The first step is to figure out what insurance you need -- it varies widely based on what type of business you have.
"If we're talking retail business, we're talking about dangerous condition of property," Cook says, citing examples like failing to remove ice or snow, leaving spills on a grocery store floor or products falling off shelves. "It gets more complicated when talking about product liability for manufacturers. Then you carry insurance in case your product is defective or dangerous."
Eric Bergmann, commercial lines broker with W.E. Walker-Lakenan LLC, says navigating the different policies can be difficult without an adviser.
"I recommend (a business owner) sit down and talk with an insurance professional to determine which type of policy fits your industry and risk the best," he says. A mentor in your chosen industry can also be a helpful resource, he says.
In addition to basic general liability, Bergmann says some businesses may need professional liability, sometimes called errors and omissions liability or employers liability.
"Professional liability covers errors and omissions, like malpractice insurance," Bergmann says. It protects a business or individual when a professional service is done incorrectly, such as an accountant making a costly error on a client's tax form.
Employers liability provides protection against claims of employees who are seriously injured or made ill at the workplace. It will take care of an employee's medical fee expenses for incidents sustained as a result of a work-related incident. "It's part of a business' workers comp policy, when you're injured for doing something above and beyond the call of duty," Bergmann says.
The various forms of liability insurance provide an umbrella of protection for business owners and may help avoid lawsuits. It is also important to understand what a business is and is not liable for.
"There's a common misperception that a business is automatically liable for injury if it happens at the business," Cook says. "That is not true. A business is only liable if an accident occurs because of something the business did or didn't do."
He also advises the best way for owners to avoid lawsuits: "First, do not act carelessly. The most important thing is to have a safe place of business, engage in safe business practices," Cook says. "If you do that, you're perfectly safe from lawsuits."
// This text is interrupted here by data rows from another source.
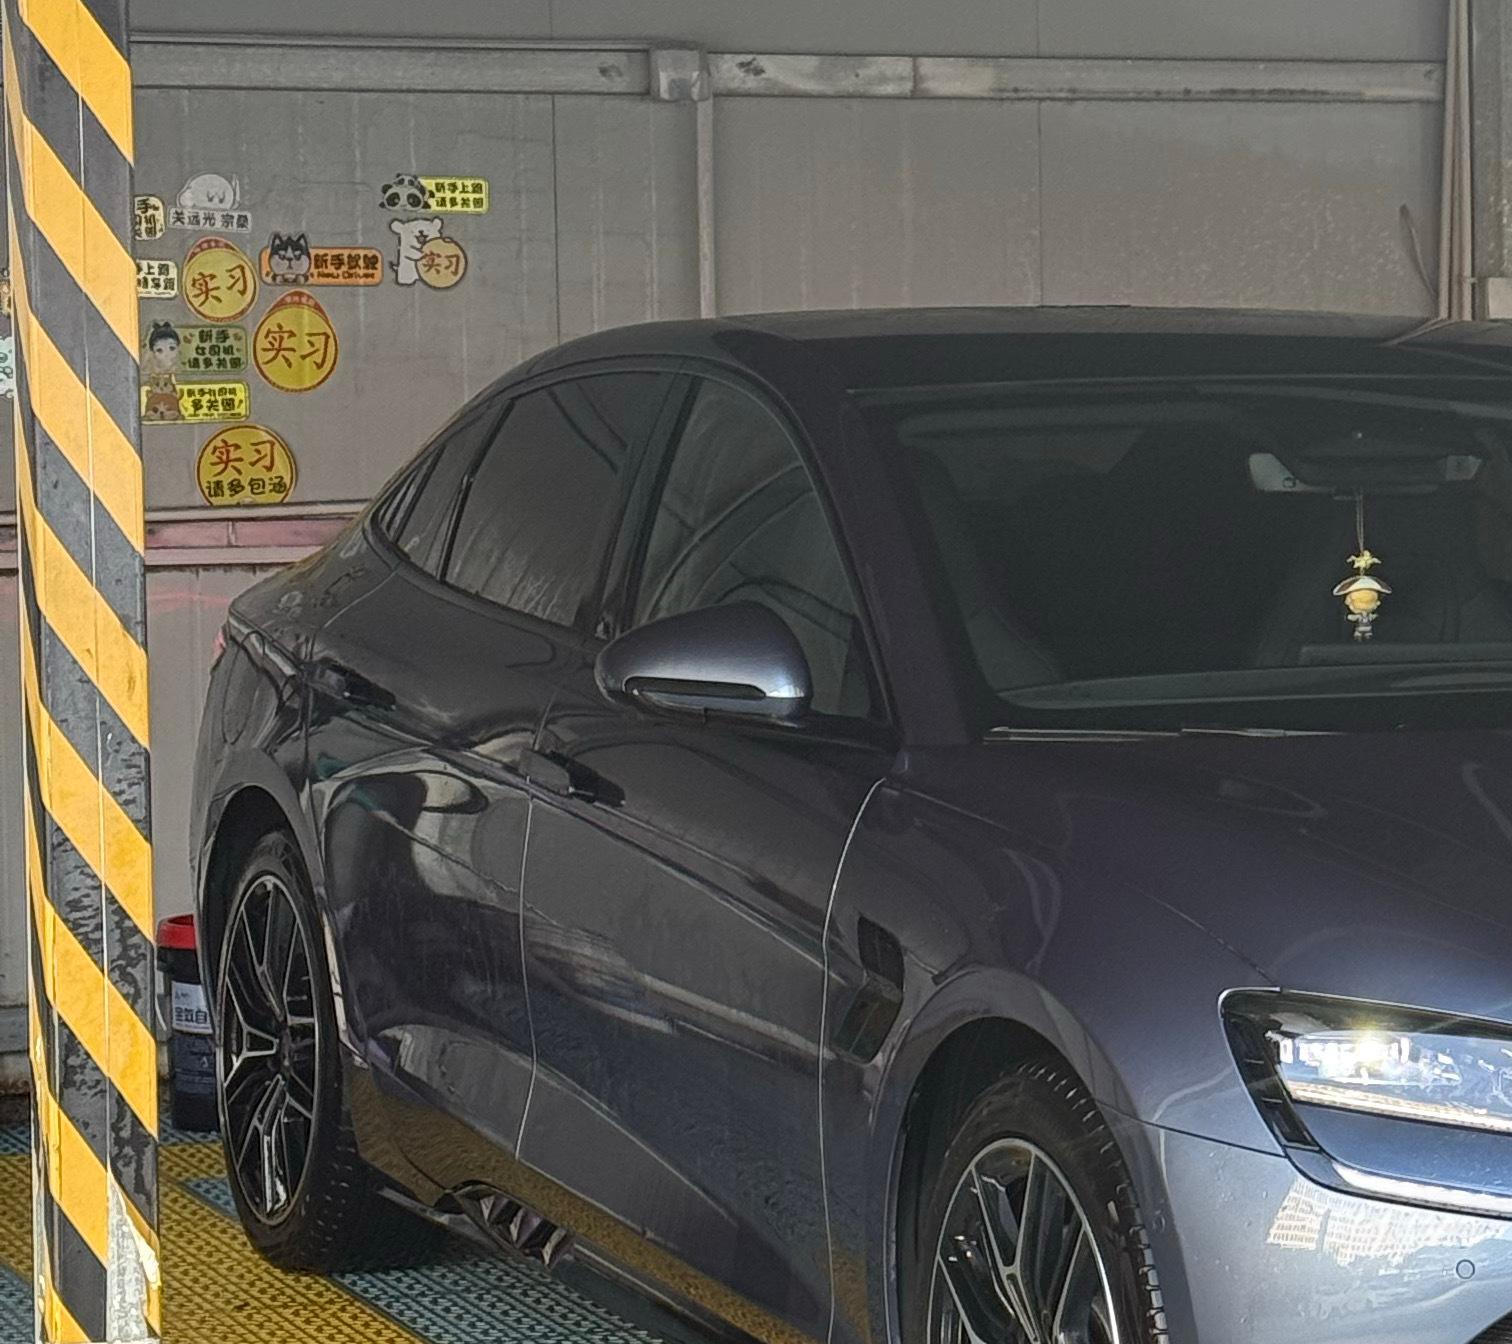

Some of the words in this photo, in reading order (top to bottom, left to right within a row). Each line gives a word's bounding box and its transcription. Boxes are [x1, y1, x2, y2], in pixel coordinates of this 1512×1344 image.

[435, 181, 483, 194] 新手上路
[435, 196, 484, 209] 请多关照
[422, 249, 461, 277] 实习
[191, 262, 248, 308] 实习
[198, 328, 230, 344] 新手
[261, 322, 331, 371] 实习
[187, 356, 242, 370] 请多关照
[210, 438, 276, 477] 实习
[205, 475, 287, 498] 请多包涵
Types of liability insurance
General liability insurance: Business owners purchase general liability insurance to cover legal hassles due to accident, injuries and claims of negligence. These policies protect against payments as the result of bodily injury, property damage, medical expenses, libel, slander, the cost of defending lawsuits, and settlement bonds or judgments required during an appeal procedure.
Product liability insurance: Companies that manufacture, wholesale, distribute and retail a product may be liable for its safety. Product liability insurance protects against financial loss as a result of a defect product that causes injury or bodily harm. The amount of insurance you should purchase depends on the products you sell or manufacture. A clothing store would have far less risk than a small appliance store, for example.
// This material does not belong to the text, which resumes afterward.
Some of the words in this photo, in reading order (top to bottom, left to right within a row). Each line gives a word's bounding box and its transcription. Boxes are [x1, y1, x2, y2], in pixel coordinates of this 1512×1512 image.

Professional liability insurance: Business owners providing services should consider having professional liability insurance (also known as errors and omissions insurance). This type of liability coverage protects your business against malpractice, errors, and negligence in provision of services to your customers. Depending on your profession, you may be required by your state government to carry such a policy. For example, physicians are required to purchase malpractice insurance as a condition of practicing in certain states.